クラウドエンジニアは今、IT業界で注目されている職種のひとつです。
DXやコスト削減の観点から、サーバーやネットワークを自社に設置し運用するオンプレミスの形態から、必要なリソースをクラウド上で運用する企業が増えています。
この記事では、クラウドエンジニアの業務内容や求められる知識・スキル、役に立つ資格などを解説します。
クラウドエンジニアに興味のある人はぜひご覧ください。
クラウドエンジニアとは
まずはクラウドエンジニアについて概要を説明します。
企業に最適なクラウドサービスを提供する
クラウドエンジニアとは、クラウドサービスを設計、構築、運用する専門家です。企業が業務を効率化するために、クラウドは欠かせないツールとなっています。
Amazon Web Services(AWS)、Google Cloud Platform(GCP)、Microsoft Azureといった大手クラウドサービスプロバイダーが提供するサービスを活用し、企業のシステムをクラウド上に移行したり、新しいシステムを構築したりします。

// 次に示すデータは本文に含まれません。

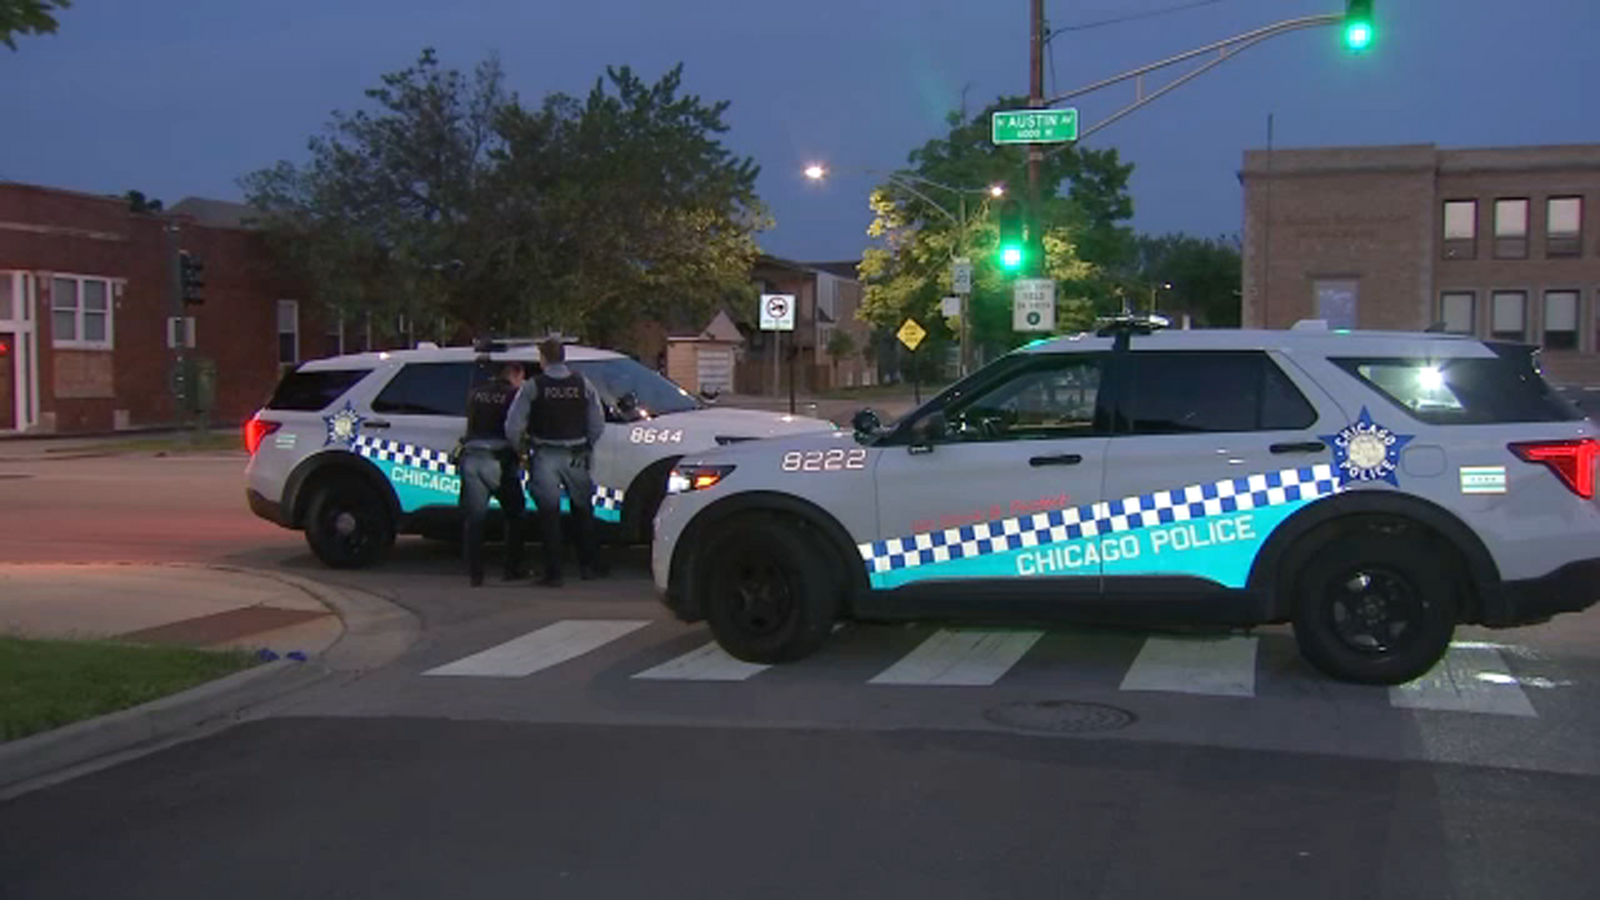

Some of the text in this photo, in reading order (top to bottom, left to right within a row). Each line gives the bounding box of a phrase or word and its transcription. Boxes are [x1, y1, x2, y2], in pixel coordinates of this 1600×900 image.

[1007, 114, 1058, 128] AUSTIN
[474, 391, 507, 404] POLICE
[544, 386, 579, 399] POLICE
[630, 427, 683, 443] 8644
[1334, 421, 1396, 447] CHICAGO
[782, 448, 867, 471] 8222
[1339, 459, 1396, 481] POLICE
[391, 466, 461, 495] CHICAGO
[1016, 515, 1256, 576] CHICAGO POLICE
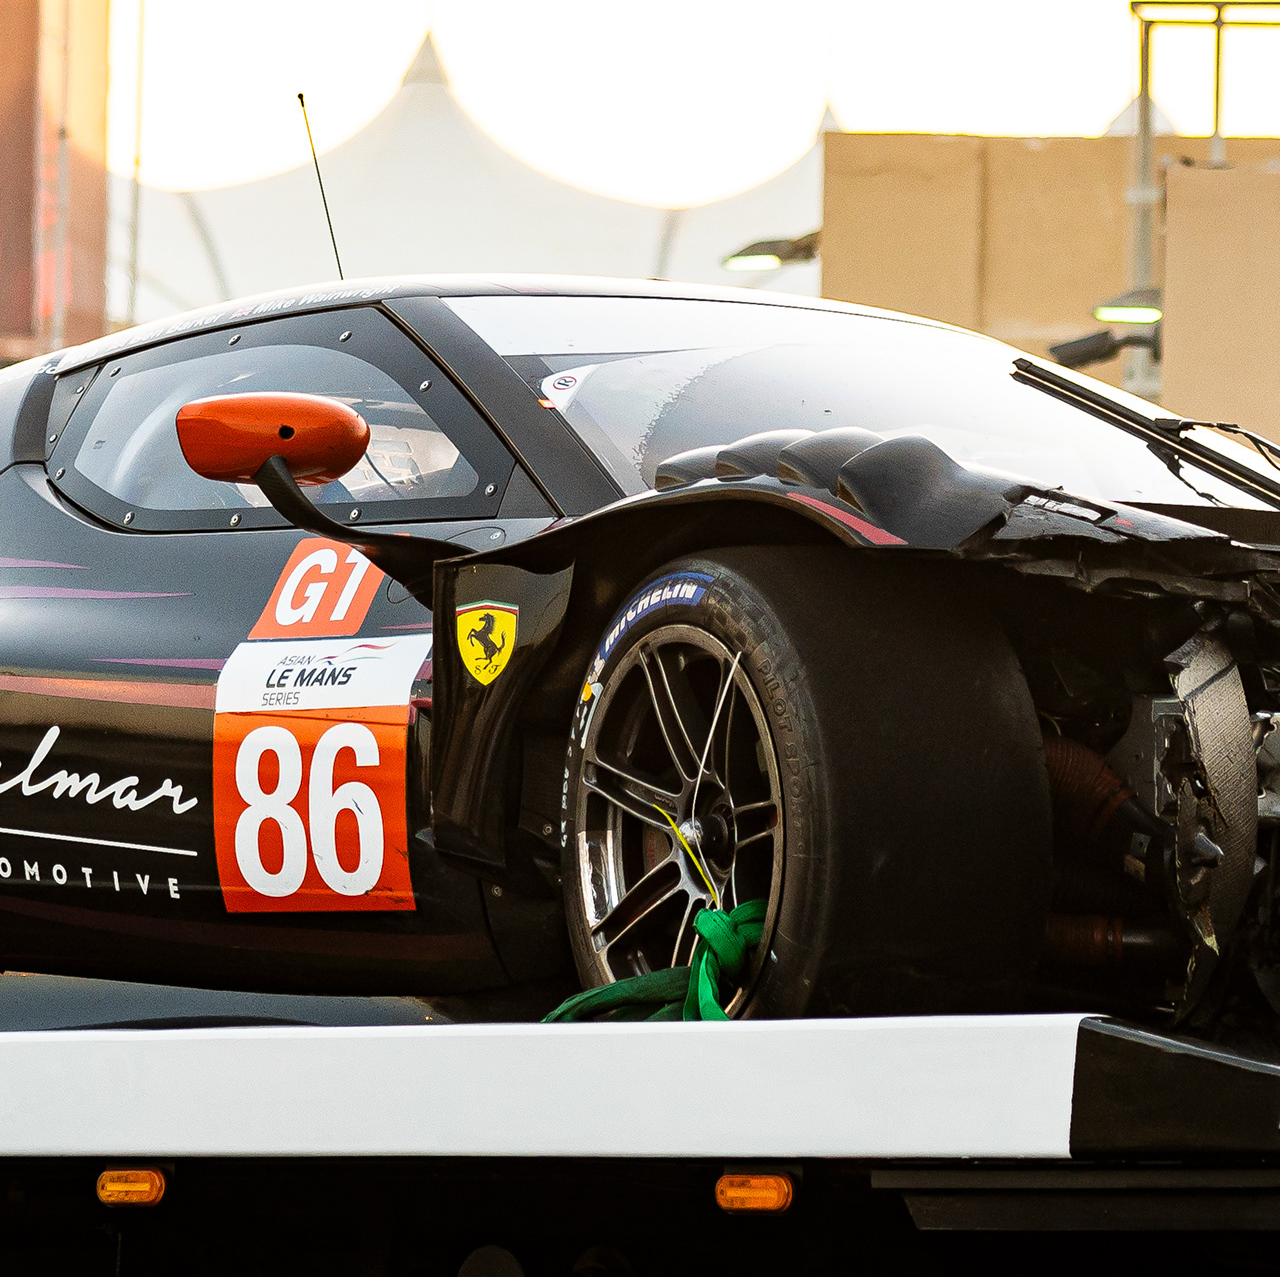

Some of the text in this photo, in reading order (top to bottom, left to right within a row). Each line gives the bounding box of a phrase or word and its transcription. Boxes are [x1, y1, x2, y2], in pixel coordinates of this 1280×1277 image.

[252, 285, 401, 316] Mike Wainwright
[605, 583, 698, 653] MICHELIN
[277, 655, 315, 666] ASIAN
[265, 667, 357, 689] LE MANS
[261, 692, 300, 706] SERIES
[756, 658, 794, 732] PILOT
[235, 723, 384, 897] 86
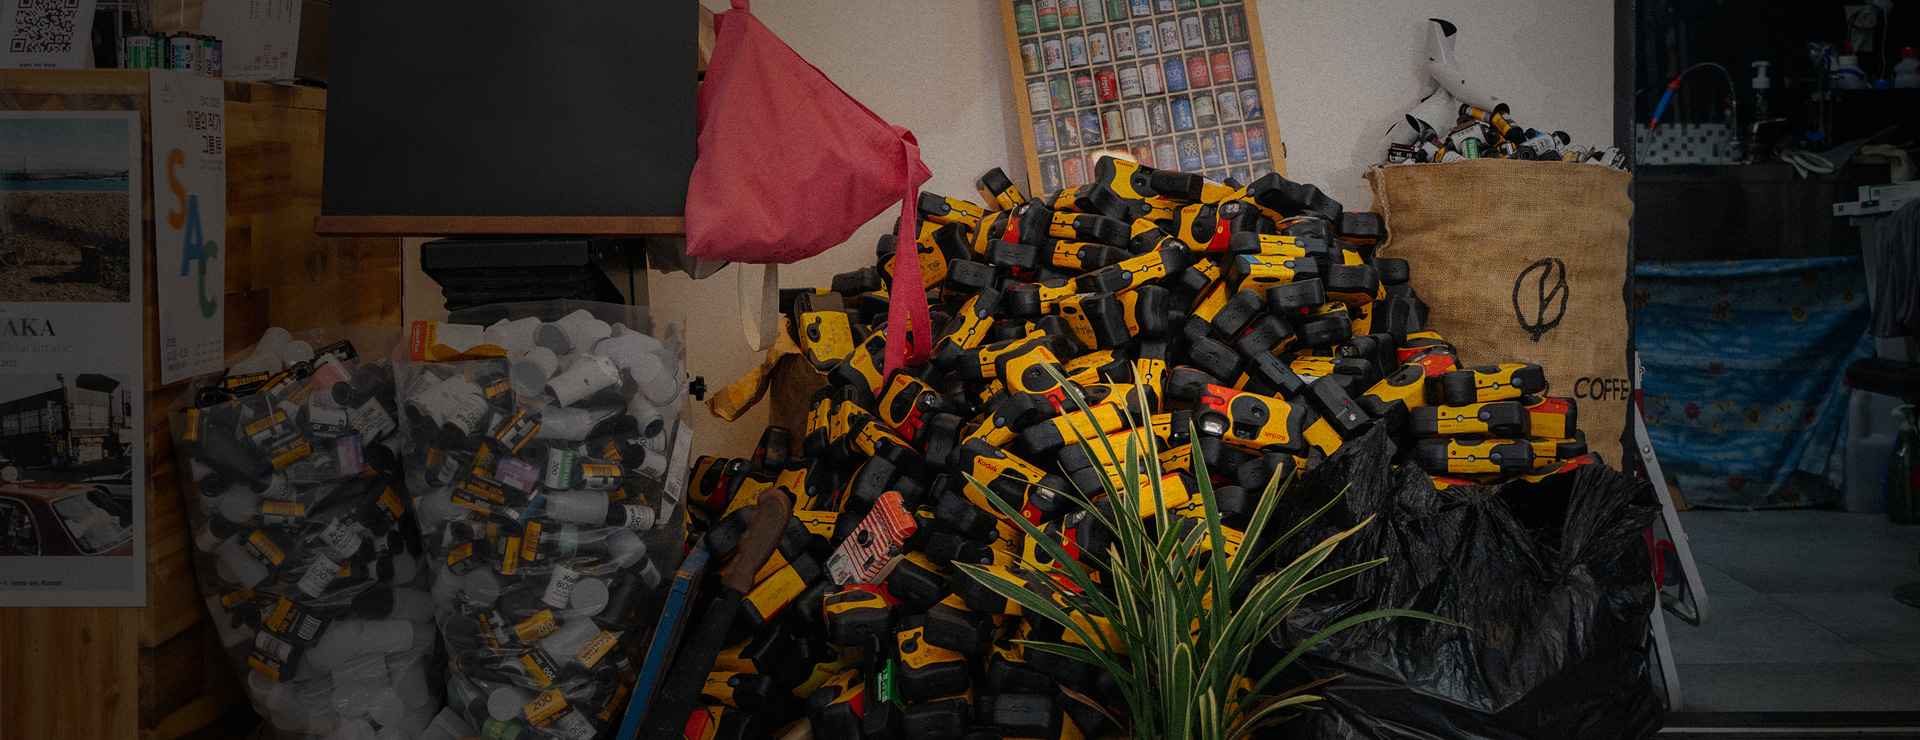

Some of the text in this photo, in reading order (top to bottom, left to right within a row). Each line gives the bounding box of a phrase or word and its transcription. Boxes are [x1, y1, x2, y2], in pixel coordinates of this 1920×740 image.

[1115, 32, 1123, 52] ILFORD
[1137, 30, 1148, 50] FP4
[175, 44, 184, 69] FP4
[187, 110, 221, 132] 이달의 작가
[1152, 105, 1163, 132] YASHICA
[1177, 101, 1187, 128] YASHICA
[1184, 141, 1196, 149] 100
[1185, 148, 1198, 156] VX
[0, 318, 56, 336] AKA
[852, 353, 867, 365] Kodak
[1039, 347, 1051, 361] Kodak
[293, 385, 316, 405] odak
[290, 437, 304, 448] 200
[1264, 430, 1286, 441] Kodak
[481, 453, 495, 467] 200
[977, 458, 998, 473] Kodak
[551, 461, 560, 476] 200
[561, 453, 573, 487] FUJIFILM
[793, 471, 805, 489] Kodak
[475, 499, 491, 509] 200
[331, 530, 346, 545] 800
[556, 580, 574, 591] 800
[279, 621, 289, 633] 200
[534, 621, 554, 635] 200
[582, 633, 612, 659] Kodak
[267, 660, 281, 671] 200
[817, 665, 835, 674] Kodak
[543, 667, 556, 681] 200
[532, 694, 553, 711] 200
[570, 719, 586, 735] 800

クラウドエンジニアの仕事は、日々進化するIT技術の最前線で働くことができるため、大変ながらもやりがいのある仕事です。
クラウドエンジニアは将来性が高い
スマホの普及に伴い、一般市民にもクラウドサービスが普及している現在、企業においてもクラウドサービスの需要は急速に加速しており、今や多くの企業が利用するようになっています。その傾向はますます増大することが予想されます。

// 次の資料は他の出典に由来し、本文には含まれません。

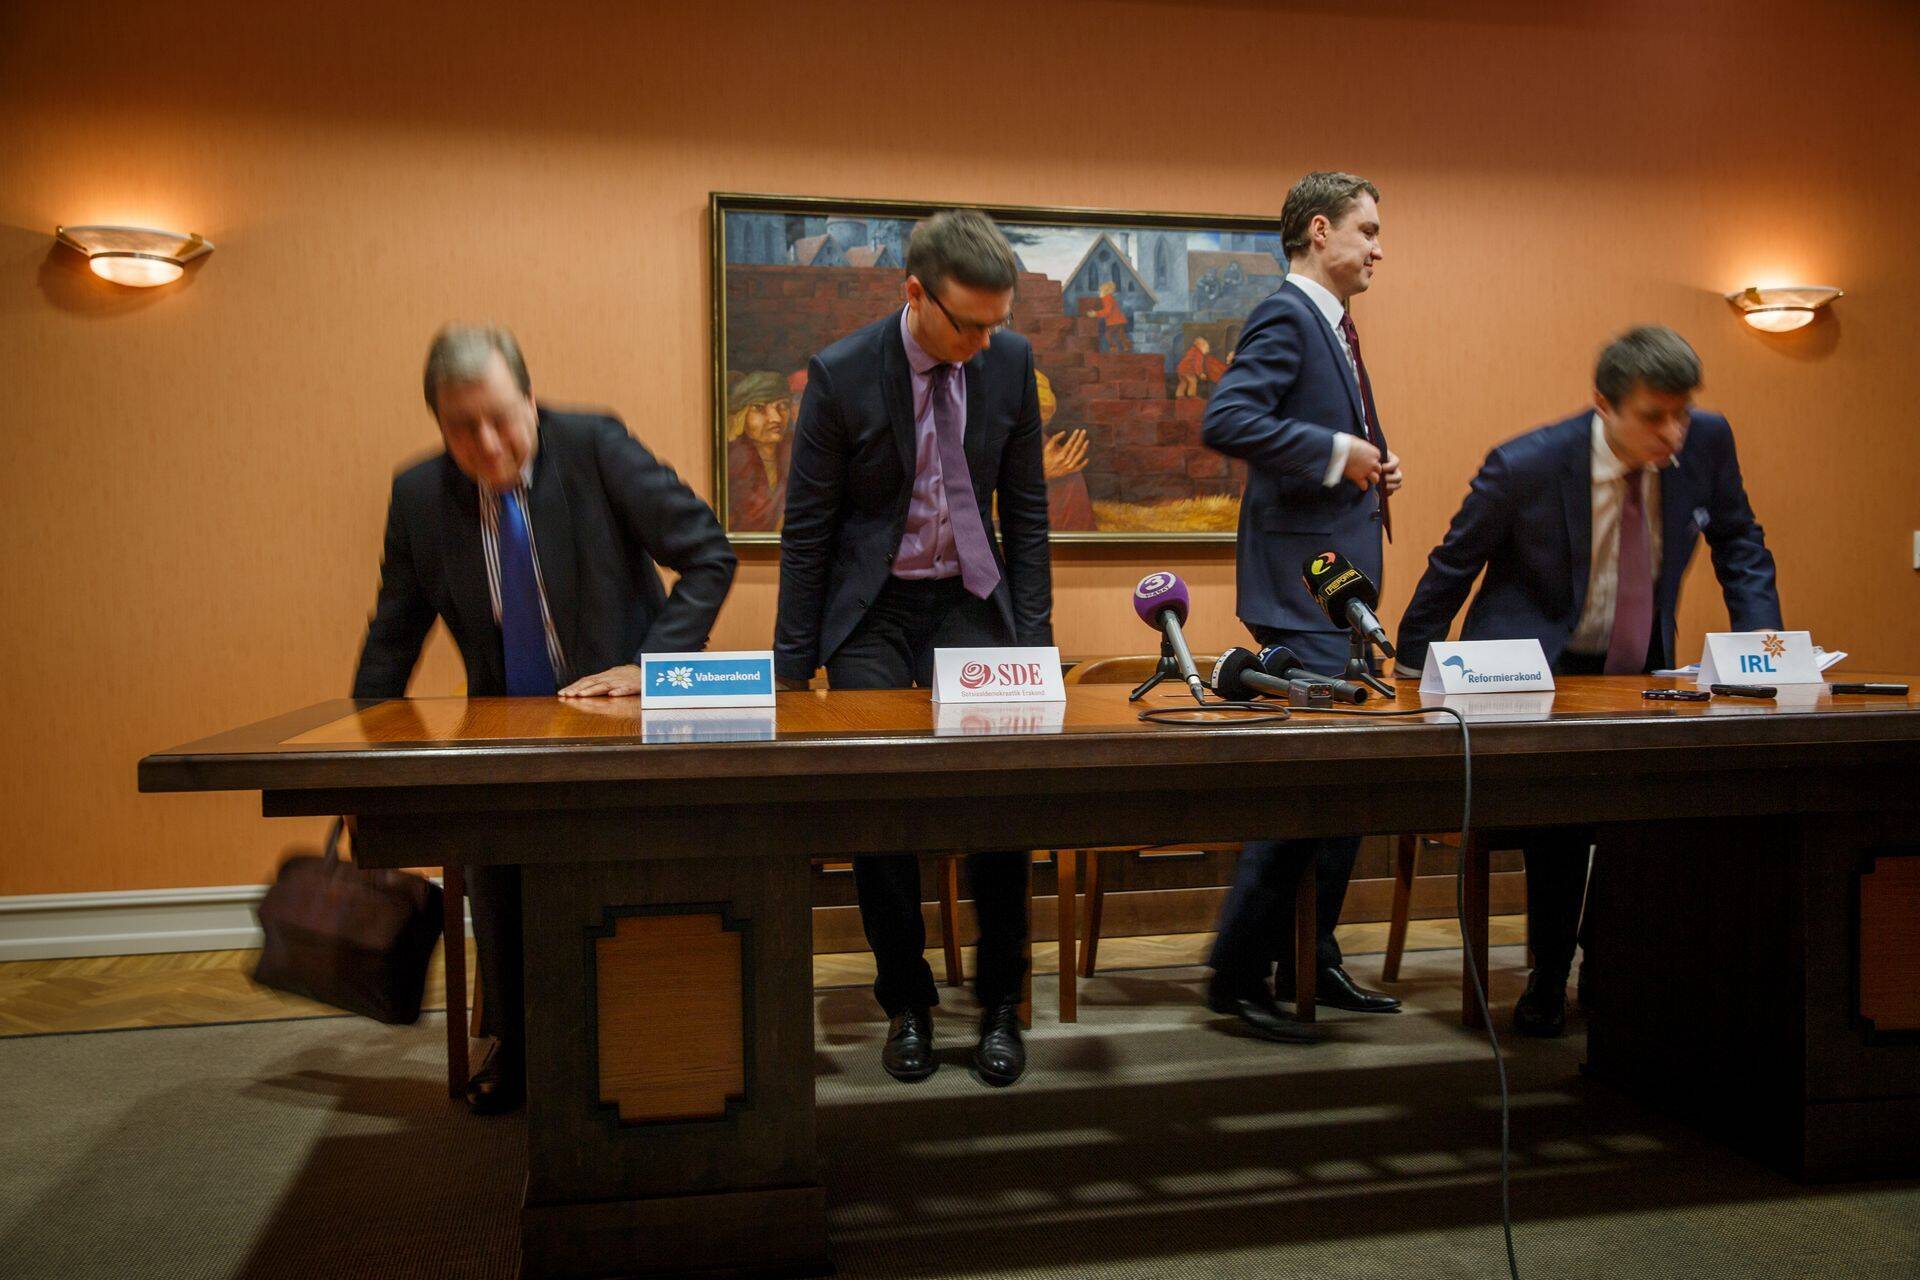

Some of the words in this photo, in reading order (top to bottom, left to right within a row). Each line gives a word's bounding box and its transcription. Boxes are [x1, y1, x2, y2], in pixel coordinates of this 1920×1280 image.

[1740, 654, 1777, 673] IRL
[695, 671, 761, 682] Vabaerakond
[997, 663, 1043, 686] SDE
[1468, 671, 1542, 683] Reformierakond

それに伴い、クラウドエンジニアの需要は高まっているため、クラウドエンジニアは将来性のある仕事のひとつといえるでしょう。
クラウドエンジニアの仕事内容
クラウドエンジニアの仕事内容は、その名のとおり企業のクラウドサービスを構築することです。
業務フローを3つに分けて解説します。
- クラウドの設計
- クラウド環境の構築
- クラウドの保守・運用
クラウドの設計
企業のニーズに合わせて、最適なクラウド環境を設計します。どのクラウドサービスを利用するか、どのようなインフラを構築するかなど、様々な要素を考慮して設計をします。
企業がどのようなシステムを作りたいのか、どんな機能が必要なのかを詳しくヒアリングします。その情報を元に、最適なクラウドサービスを選定し、システムの設計図を作成することが重要です。
クラウド環境の構築
設計に基づいて、実際にクラウド環境を構築します。サーバーの設定、ネットワークの構築、データベースの構築など、幅広い作業をおこないます。
クラウド環境の構築にはベンダーが提供するツールやサービスの活用がマストなので、各製品の特徴などをしっかりと把握しておくことが重要です。
クラウドの保守・運用
構築したクラウドの保守・運用もクラウドエンジニアの重要な業務です。
構築したクラウド環境を安定的に運用するために、定期的な監視やメンテナンスをおこないます。また、システム障害が発生した場合には、迅速に対応する必要があります。
クラウドエンジニアの平均年収
クラウドエンジニアに特化した公的な平均年収調査結果はありません。
厚生労働省によると、クラウドエンジニアを含む「システムエンジニア(基盤システム)」の平均年収は684.9万円となっています。クラウドエンジニアの専門性を考えると、実際の平均年収はこれよりも高くなることが予想されます。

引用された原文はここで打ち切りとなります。